[Spatial localization data]:
━━━━━━━━━━━━━━━━━━━━━━━━━━━━━━

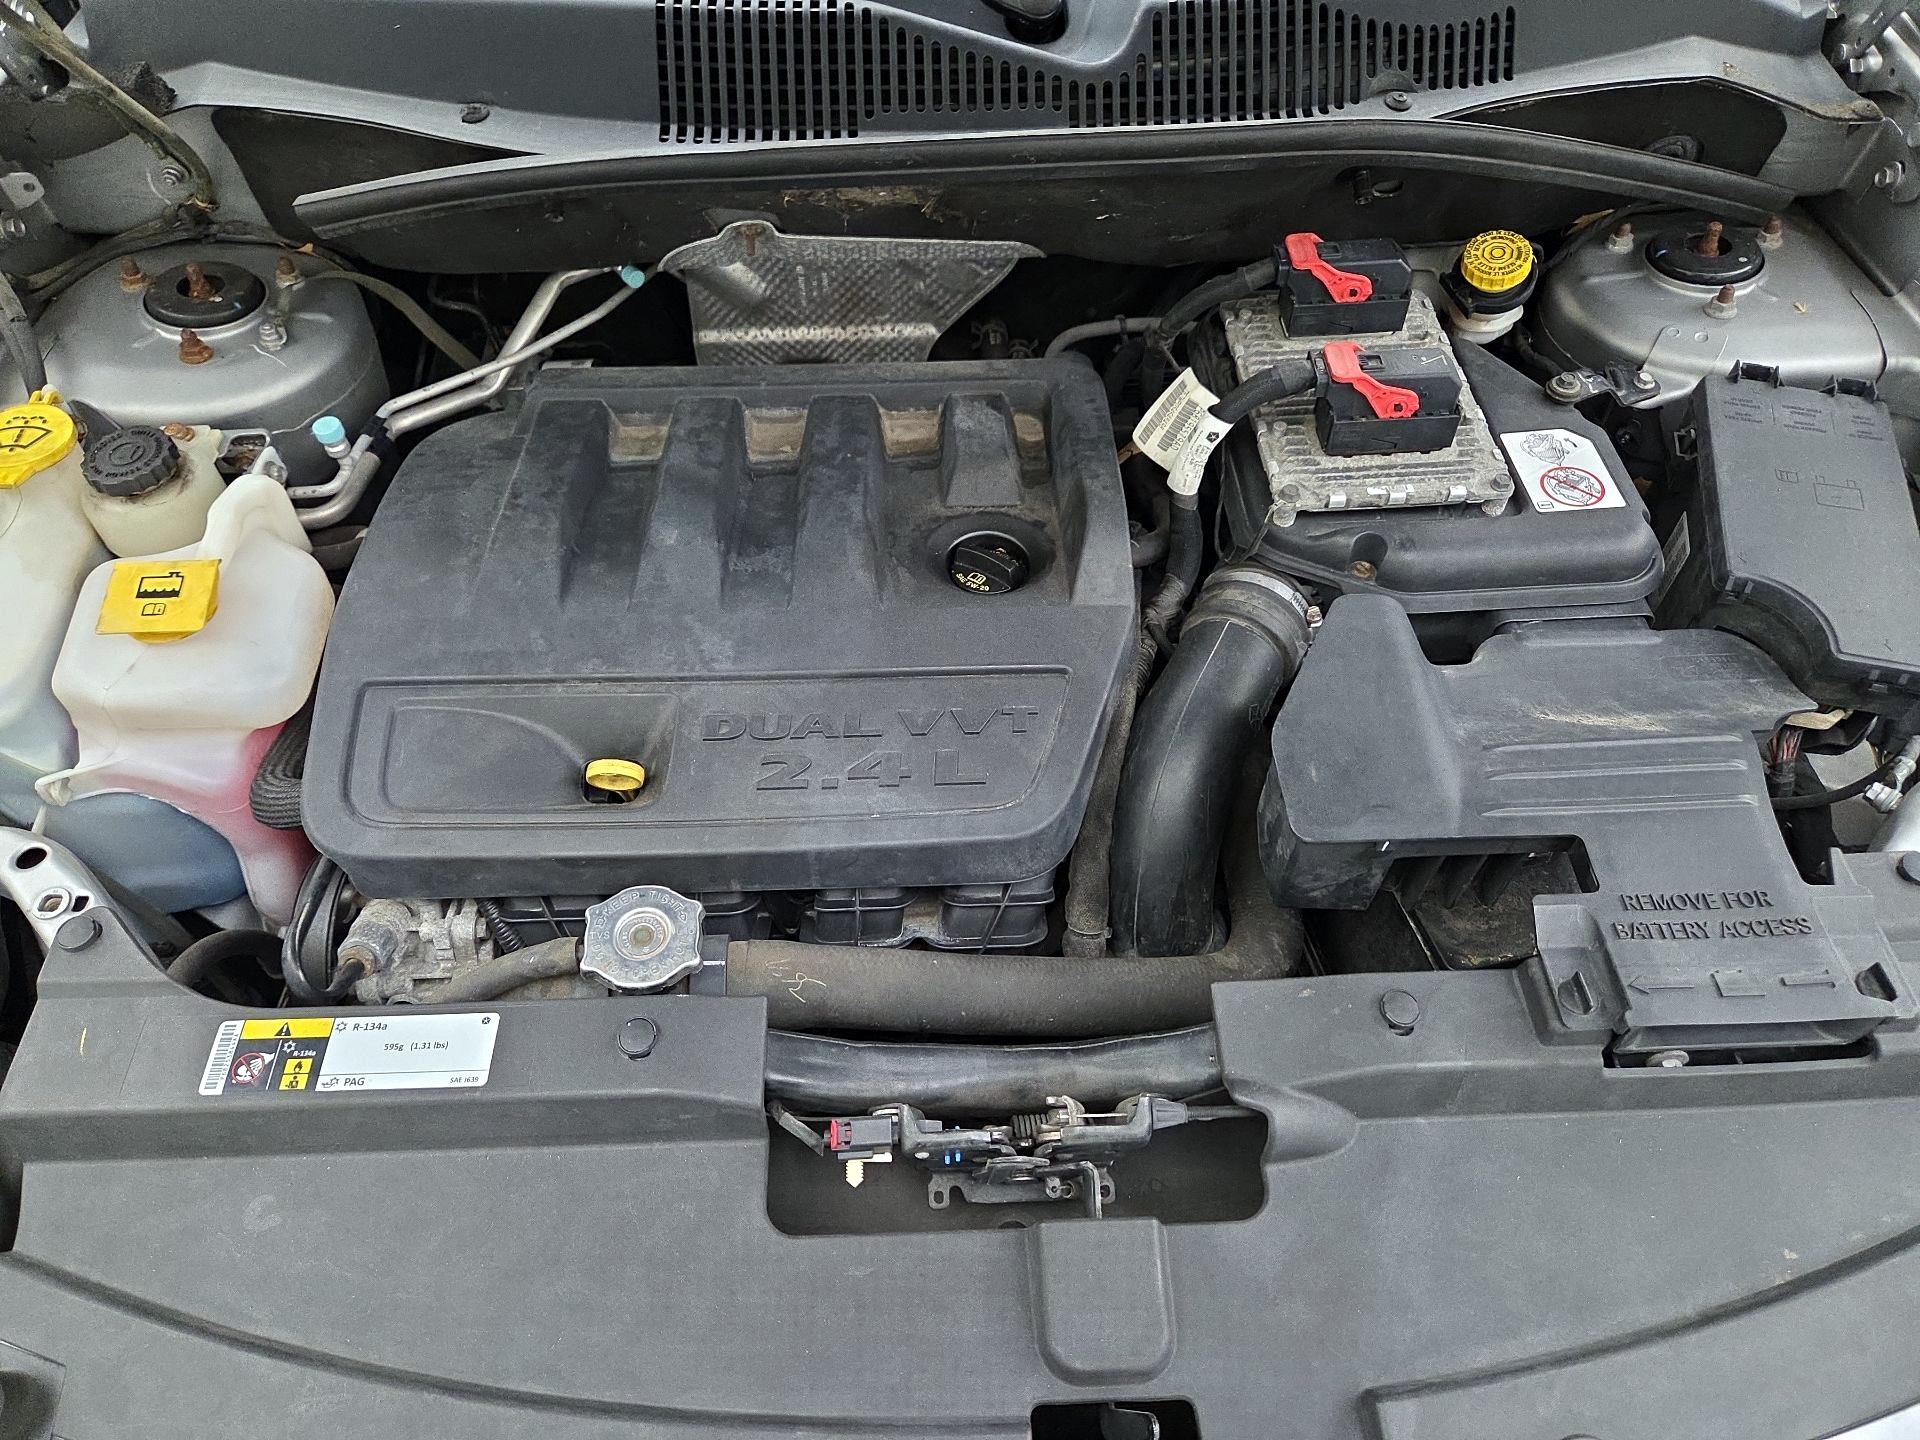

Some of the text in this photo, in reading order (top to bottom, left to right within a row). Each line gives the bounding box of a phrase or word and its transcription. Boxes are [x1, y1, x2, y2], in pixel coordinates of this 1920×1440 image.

[966, 581, 990, 592] 5W-20
[703, 706, 1039, 741] DUAL VVT
[603, 890, 686, 914] KEEP TIGHT
[1620, 889, 1774, 911] REMOVE FOR
[1612, 917, 1813, 940] BATTERY ACCESS
[590, 931, 610, 940] TVS
[353, 1022, 388, 1032] R-134a
[384, 1040, 449, 1052] 595g (1.31 lbs)
[343, 1076, 365, 1087] PAG
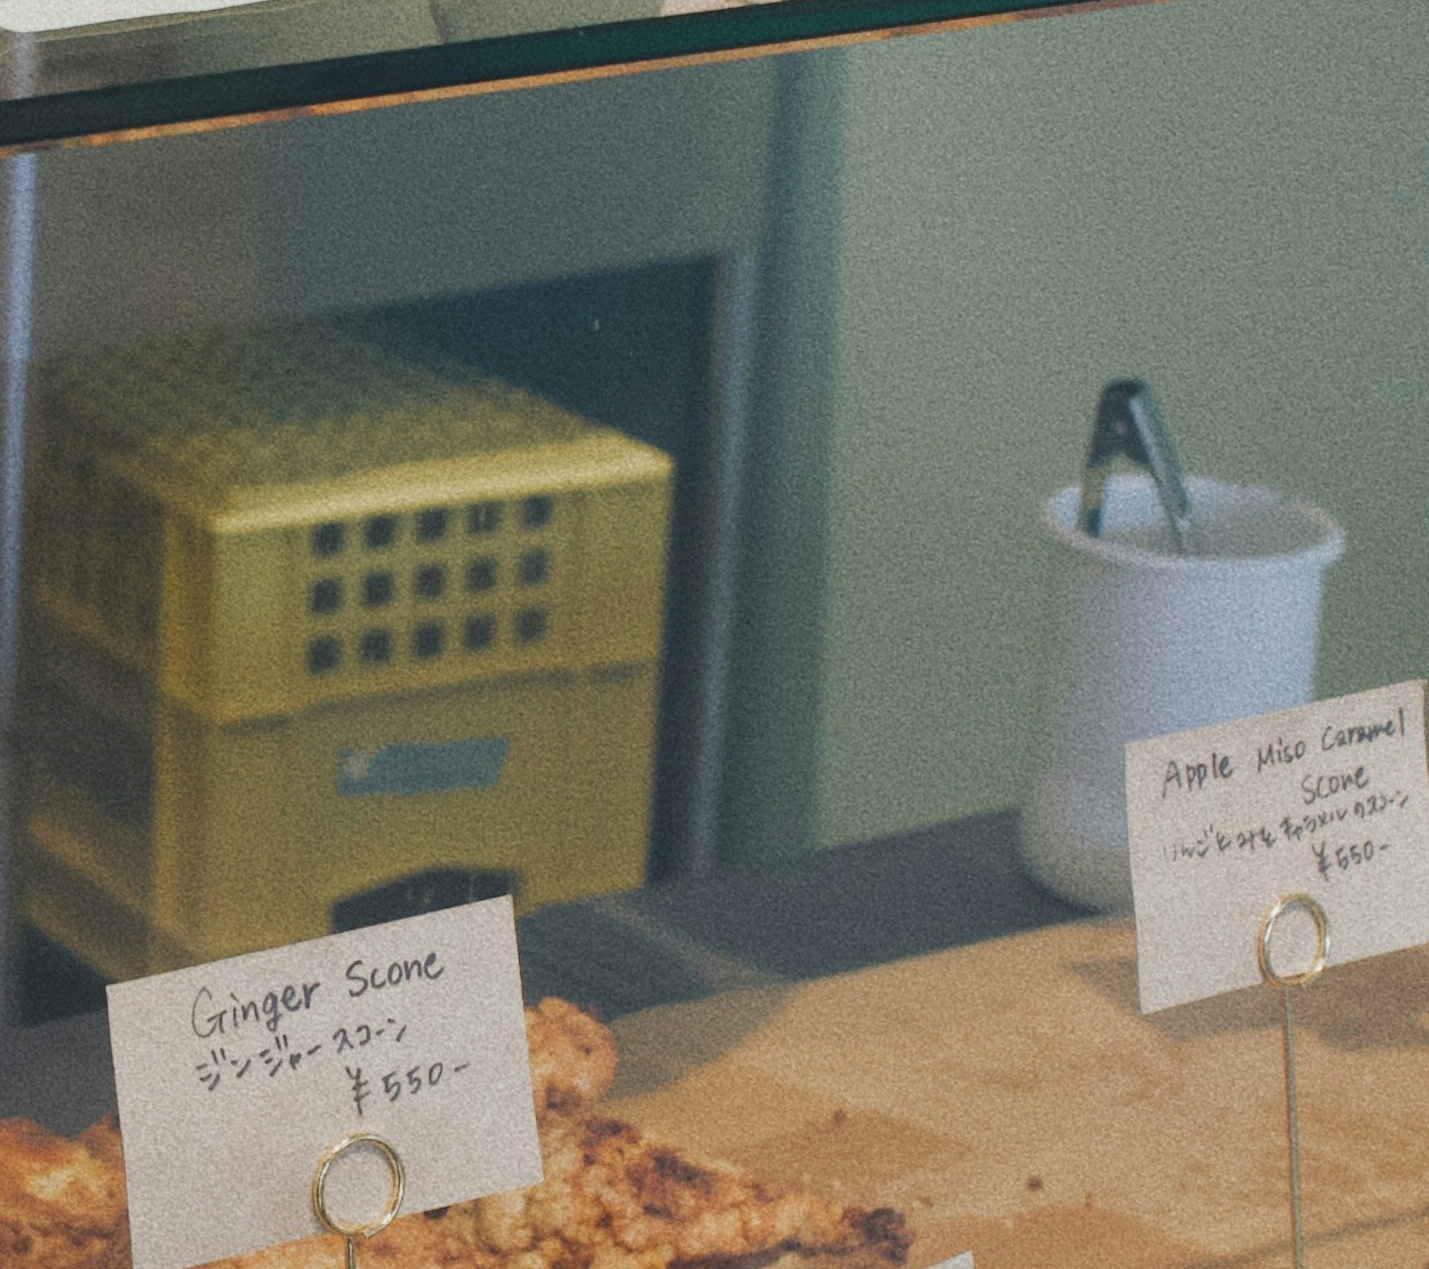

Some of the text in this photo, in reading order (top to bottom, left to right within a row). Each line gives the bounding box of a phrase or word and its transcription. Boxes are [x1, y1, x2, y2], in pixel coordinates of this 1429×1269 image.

[1161, 706, 1406, 799] Apple Miso Caramel
[1300, 764, 1370, 806] Scone
[190, 949, 445, 1039] Ginger Scone
[195, 1017, 408, 1092] ジンジャースコーン

━━━━━━━━━━━━━━━━━━━━━━━━━━━━━━

[EXERCISE INSTRUCTIONS]: The records above should be copied word for word, with the pictures left out.

[TASK OUTPUT]:
Some of the text in this photo, in reading order (top to bottom, left to right within a row). Each line gives the bounding box of a phrase or word and its transcription. Boxes are [x1, y1, x2, y2], in pixel coordinates of this 1920×1440 image.

[966, 581, 990, 592] 5W-20
[703, 706, 1039, 741] DUAL VVT
[603, 890, 686, 914] KEEP TIGHT
[1620, 889, 1774, 911] REMOVE FOR
[1612, 917, 1813, 940] BATTERY ACCESS
[590, 931, 610, 940] TVS
[353, 1022, 388, 1032] R-134a
[384, 1040, 449, 1052] 595g (1.31 lbs)
[343, 1076, 365, 1087] PAG

Some of the text in this photo, in reading order (top to bottom, left to right within a row). Each line gives the bounding box of a phrase or word and its transcription. Boxes are [x1, y1, x2, y2], in pixel coordinates of this 1429×1269 image.

[1161, 706, 1406, 799] Apple Miso Caramel
[1300, 764, 1370, 806] Scone
[190, 949, 445, 1039] Ginger Scone
[195, 1017, 408, 1092] ジンジャースコーン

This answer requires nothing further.